British neo-thrash-metal band Senser’s conquering of America didn’t happen at the recent South By Southwest Music & Media Conference in Austin, Texas.

Maybe the next go around, says singer Kerstin Haigh, who’s not taking the discarding too serious.

“By the time we got on stage,” Haigh says, “everyone decided to leave because they didn’t know us. They had no good reason to stay. I think we played to only about 100 people, but the crowd that was there enjoyed it and we were pleased with our show. I just wish we had a bigger crowd.”

Perhaps once word gets around about Senser’s highly touted debut album, “Stacked Up” (out April 4 on A&M), they will change their tune.

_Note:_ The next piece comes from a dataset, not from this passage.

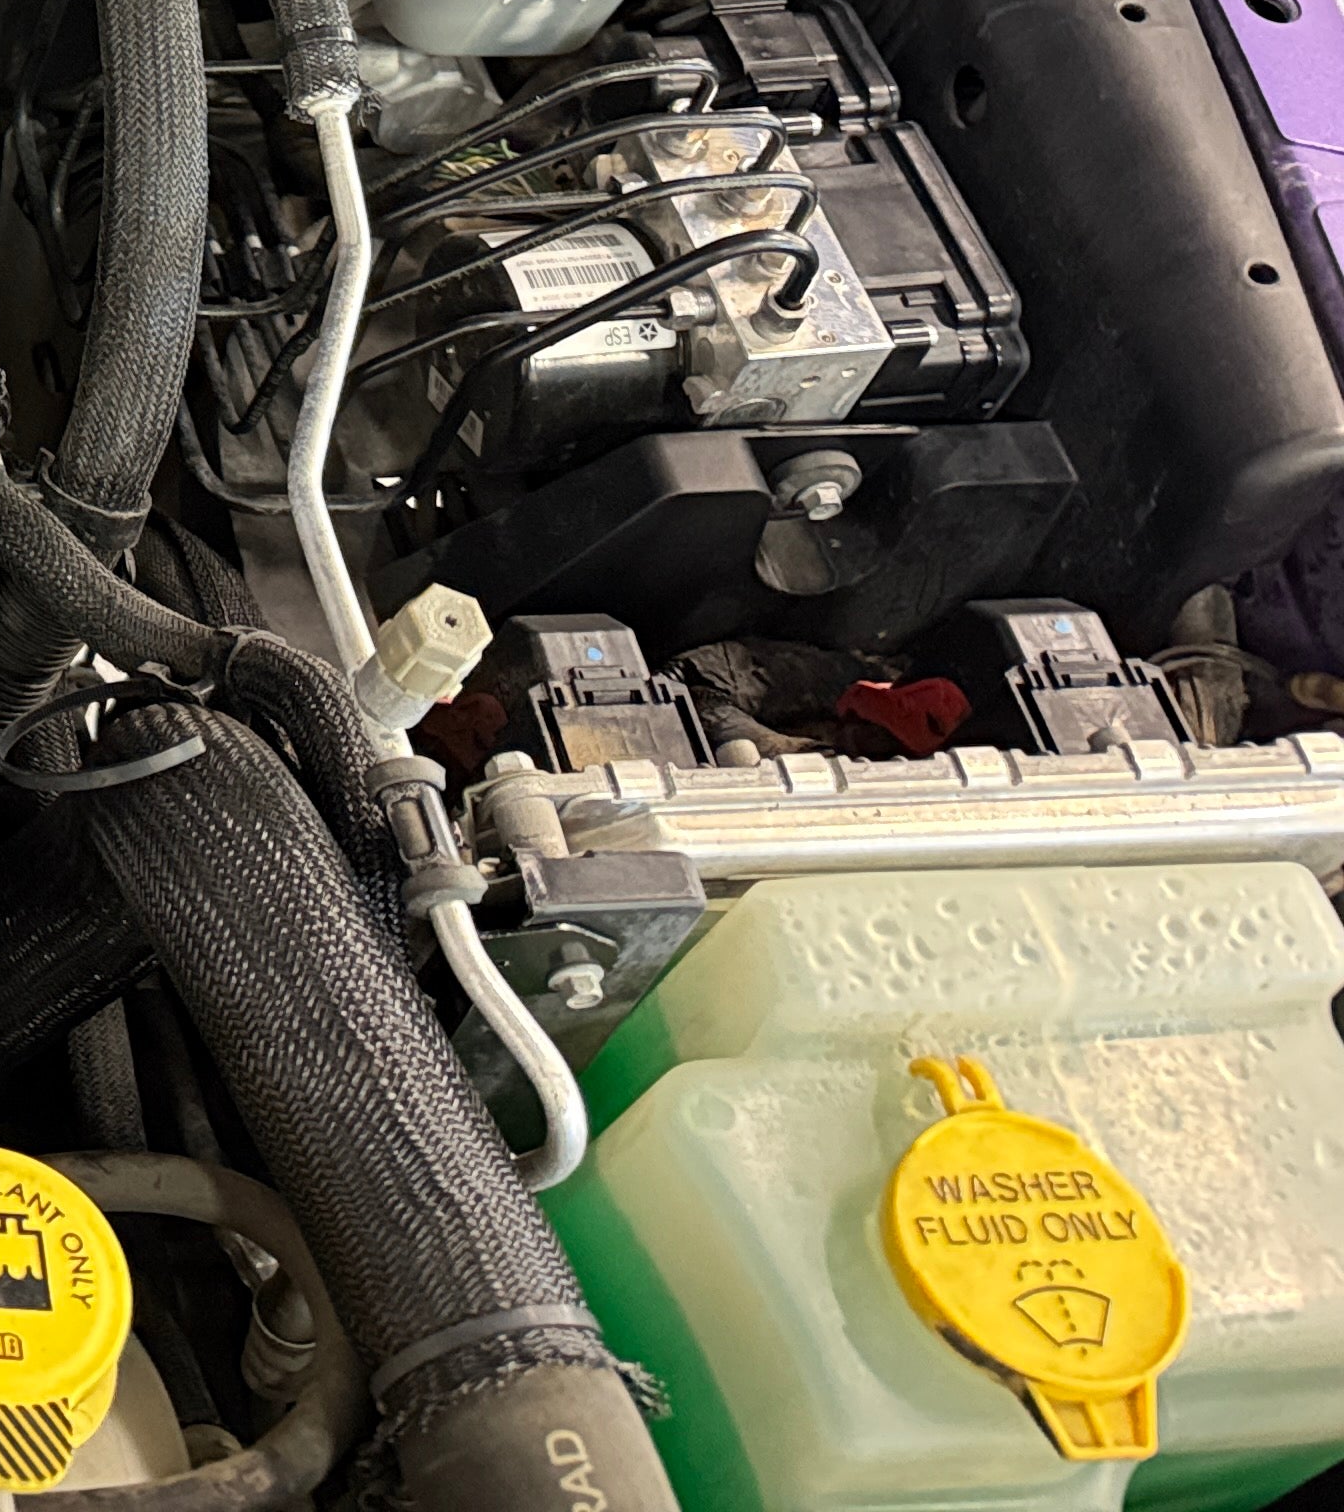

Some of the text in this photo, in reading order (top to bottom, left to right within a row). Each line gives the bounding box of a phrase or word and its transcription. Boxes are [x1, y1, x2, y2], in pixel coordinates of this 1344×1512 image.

[604, 326, 632, 346] ESP
[924, 1168, 1102, 1207] WASHER
[916, 1208, 1141, 1249] FLUID ONLY
[61, 1232, 95, 1311] ONLY

The British press has gushed over the seven-member band’s eclectic merger of thrash, rap and Eastern influences, likening their verbal onslaughts to Rage Against the Machine. The commercial energy is there as well: they’ve had chart hits with “No Comply,” “Switch” and “Eject,” the latter of which was the top-selling indie single of 1993 in England.

“Stacked Up” is well over a year old, and Haigh attributes the long delay in releasing it stateside to promoters not being able to pin a label on them and uncertain how to market them.

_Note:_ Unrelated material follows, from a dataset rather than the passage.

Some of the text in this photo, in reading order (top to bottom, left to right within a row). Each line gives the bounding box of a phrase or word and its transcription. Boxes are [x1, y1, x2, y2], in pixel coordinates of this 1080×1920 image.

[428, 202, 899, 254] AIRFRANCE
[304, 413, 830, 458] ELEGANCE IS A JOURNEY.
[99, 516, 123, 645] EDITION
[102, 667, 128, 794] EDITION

“I’m quite happy about it taking time to be released in the states,” she said. “America’s quite a big place to hit. You don’t want to leap into there without complete security in what you do.

“We’ve managed to get a fairly good control on our music now, and live we really know what we’re doing, but if we had done it a year or two years ago, it could’ve been too early and we might not have had the energy to give it.”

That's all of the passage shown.